Heading into Ravens training camp, you already knew the big-name players and virtual locks of the roster. While their progress is still something to monitor, a little over a week of practice has given some lesser-known performers a chance to show their stuff.

As joint practices and preseason games begin, a mix of young players and veterans are competing for the final spots on the 53-man as the roster crunch begins. Additionally, other players are spending the weeks trying to make their impact felt on the field. Here are some defensive guys to keep an eye on in the coming weeks. 

Anthony Averett (CB)

The Ravens secondary is loaded. Like, really, really loaded. The surplus of veteran skilled defenders makes it potentially one of the most dominant heading into the season. But because there are so many options, so many that even the veterans are competing for playing time, it is slim pickings for the rest of the group.

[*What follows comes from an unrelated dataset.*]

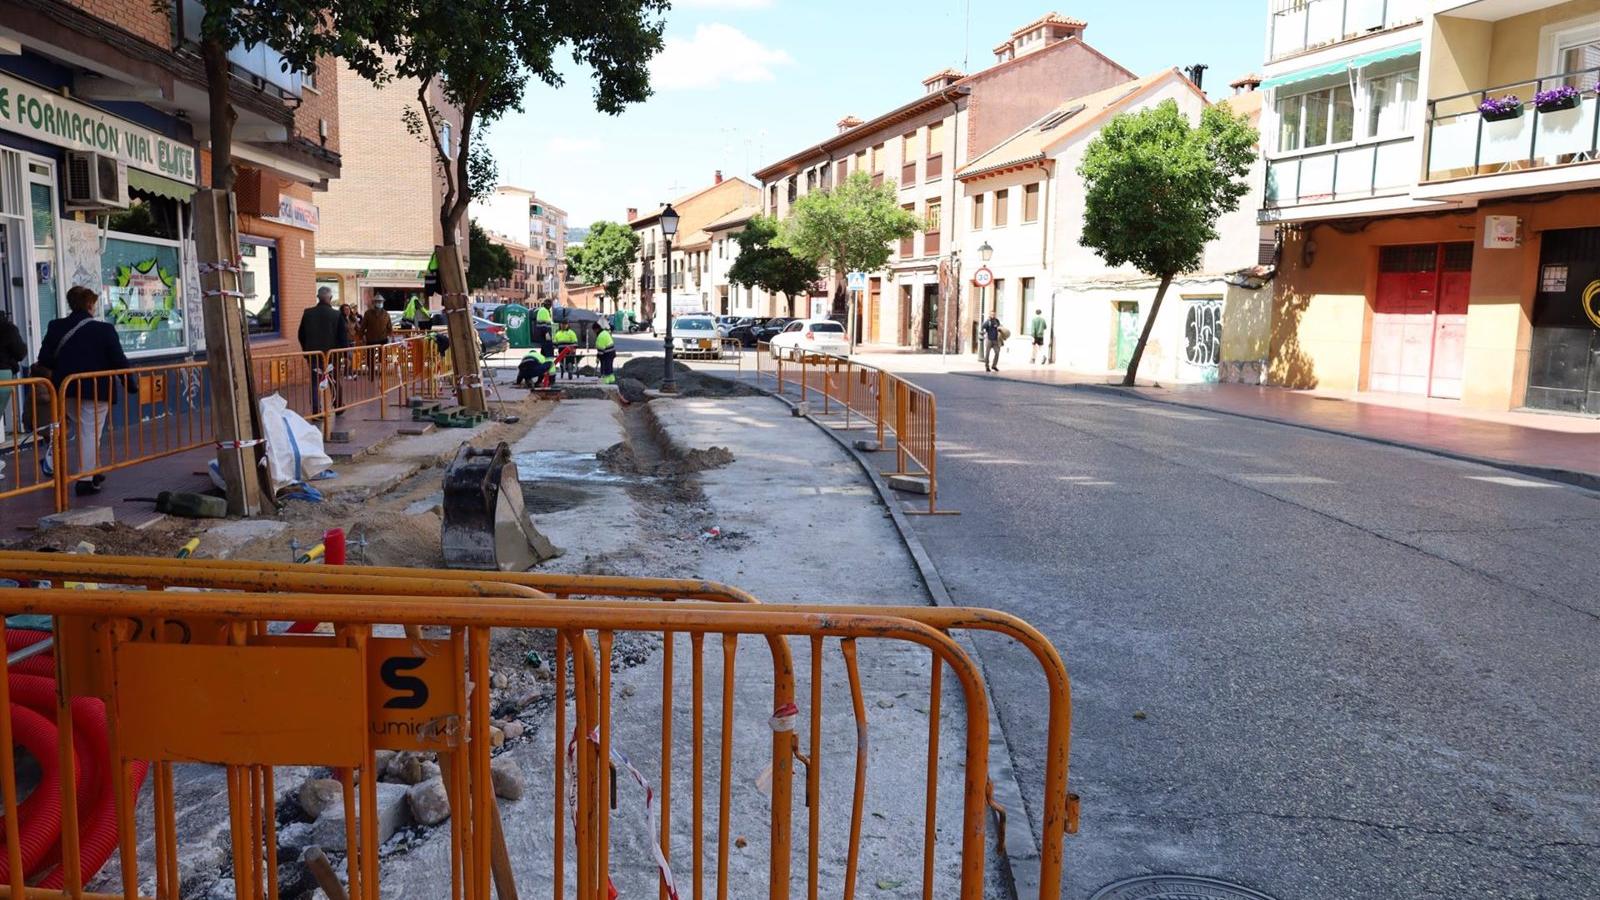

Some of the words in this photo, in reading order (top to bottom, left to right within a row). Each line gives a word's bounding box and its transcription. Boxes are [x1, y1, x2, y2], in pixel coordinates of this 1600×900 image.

[17, 93, 119, 154] FORMACIÓN
[124, 131, 153, 165] VIAL
[158, 140, 193, 179] ELITE

Even with that, the second-year Averett is still someone to keep an eye on. He's one of the few young cornerbacks on the roster that has seen some regular-season time (11 games). Though limited, it gives him an advantage in the familiarity and experience departments. As he continues to get more reps and become more comfortable in the system, the potential should turn into production.

It's hard to see Averett being a starter in the secondary, but he could be a good depth piece or someone who gets his name called barring an injury.


Tyus Bowser (OLB)

First off, being a football player with the name Bowser is a big plus. The puns are endless, and at least on paper, you seem like someone who is going to hit hard and tackle aggressively.

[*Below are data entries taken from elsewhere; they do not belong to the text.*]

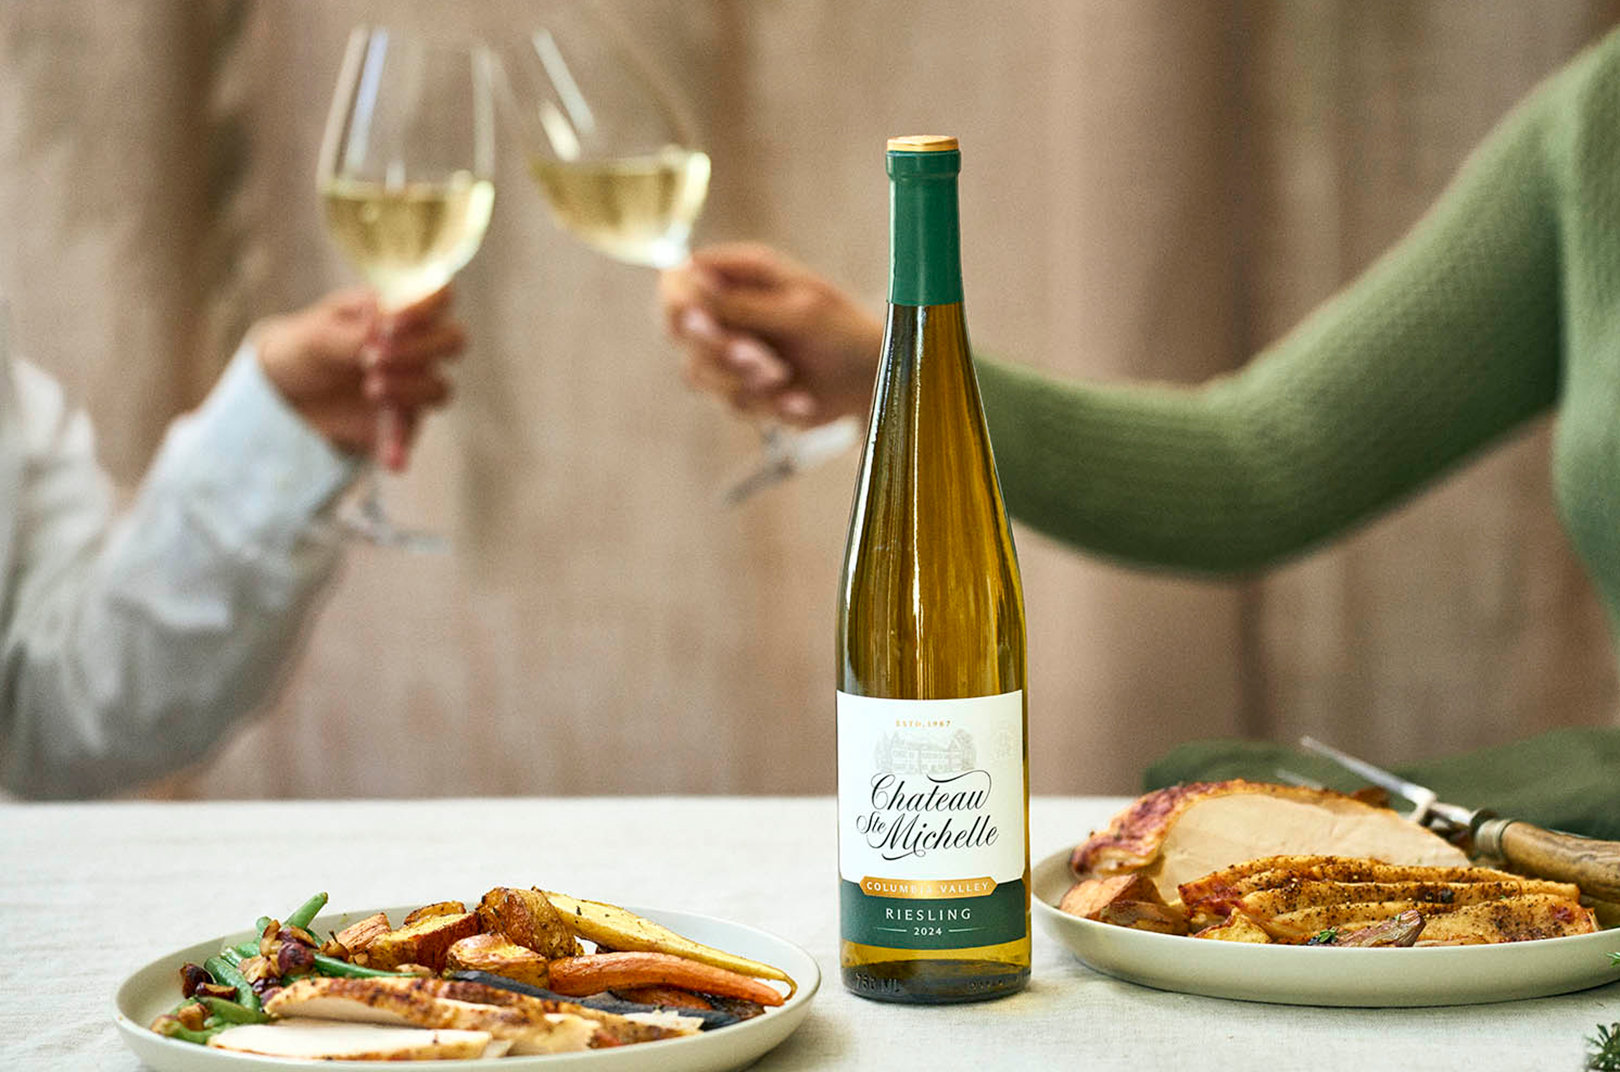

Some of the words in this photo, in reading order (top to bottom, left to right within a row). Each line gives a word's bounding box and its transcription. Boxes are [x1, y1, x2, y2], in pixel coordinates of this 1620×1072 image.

[870, 769, 992, 812] Chateau
[856, 810, 887, 834] Ste
[866, 813, 1000, 861] Michelle
[866, 881, 932, 894] COLUMBIA
[940, 882, 990, 893] VALLEY
[885, 908, 971, 921] RIESLING
[913, 926, 943, 936] 2024

Okay, now back to the actual analysis. Bowser is someone that has caught the attention of coaches during the initial days of camp, and that's important for not only the Ravens, but for himself as well. A 2017 draft pick, the staff had hopes that after getting his feet wet in the NFL, Bowser would make the leap to someone who could consistently contribute to the defense. That hasn't exactly been the case yet and as he enters year three the leash is getting shorter.

"You have to do it right now," defensive line coach Joe Cullen said of Bowser's progression. "The clock has ticked."

Bowser did record a pick-six during the joint practice with the Jaguars on Monday, but he'll need to continue to ride that momentum into some more solid play. The Ravens want to believe in him, but he's got to show it now.

Pernell McPhee (OLB)

McPhee's situation differs from the first two. He's going to make the roster and he's going to get playing time. Yet, he's still a name to pay more attention to as he's sort of gotten lost in the shuffle in recent years. After a subpar 2018 season with the Redskins, he's back with the team he began his career with and seems to be rejuvenated.

Don Martindale said that McPhee looks as good as he did during his first tenure in Baltimore where he helped the 2012 team to a Super Bowl. Cullen backed up that statement by praising McPhee and stating that he'll be a big part of the edge pass rush along with Matt Judon. Additionally, the 30-year old brings a veteran voice to a defense that just lost a few of those.

Looking for a good resurgence story? Tune in to Pernell McPhee.

Zach Sieler (DT)

The interior pass rush has some big playmakers in Brandon Williams and Michael Pierce, but there are still questions as to just how deep and impactful that unit will be. Zach Sieler may be helping solve some of those issues.

A steady force throughout camp so far, Cullen believes he'll not only make an impact in subpackages, but he'll continue to challenge the starters and raise everybody's performance. The more service and depth the Ravens can along the line, the better the defense will be.

Gerald Willis (DT)

Sticking with the defensive line, Willis may be a prime candidate for a player who goes undrafted before working his way on to a team and becoming a solid player. No one took a waiver on him in the draft, but that sort of looks like a mistake now. 

A big guy (300 pounds), Willis is physical yet nimble upfront. Competition is heavy at the position, but he's got a big chip on his shoulder to help with motivation.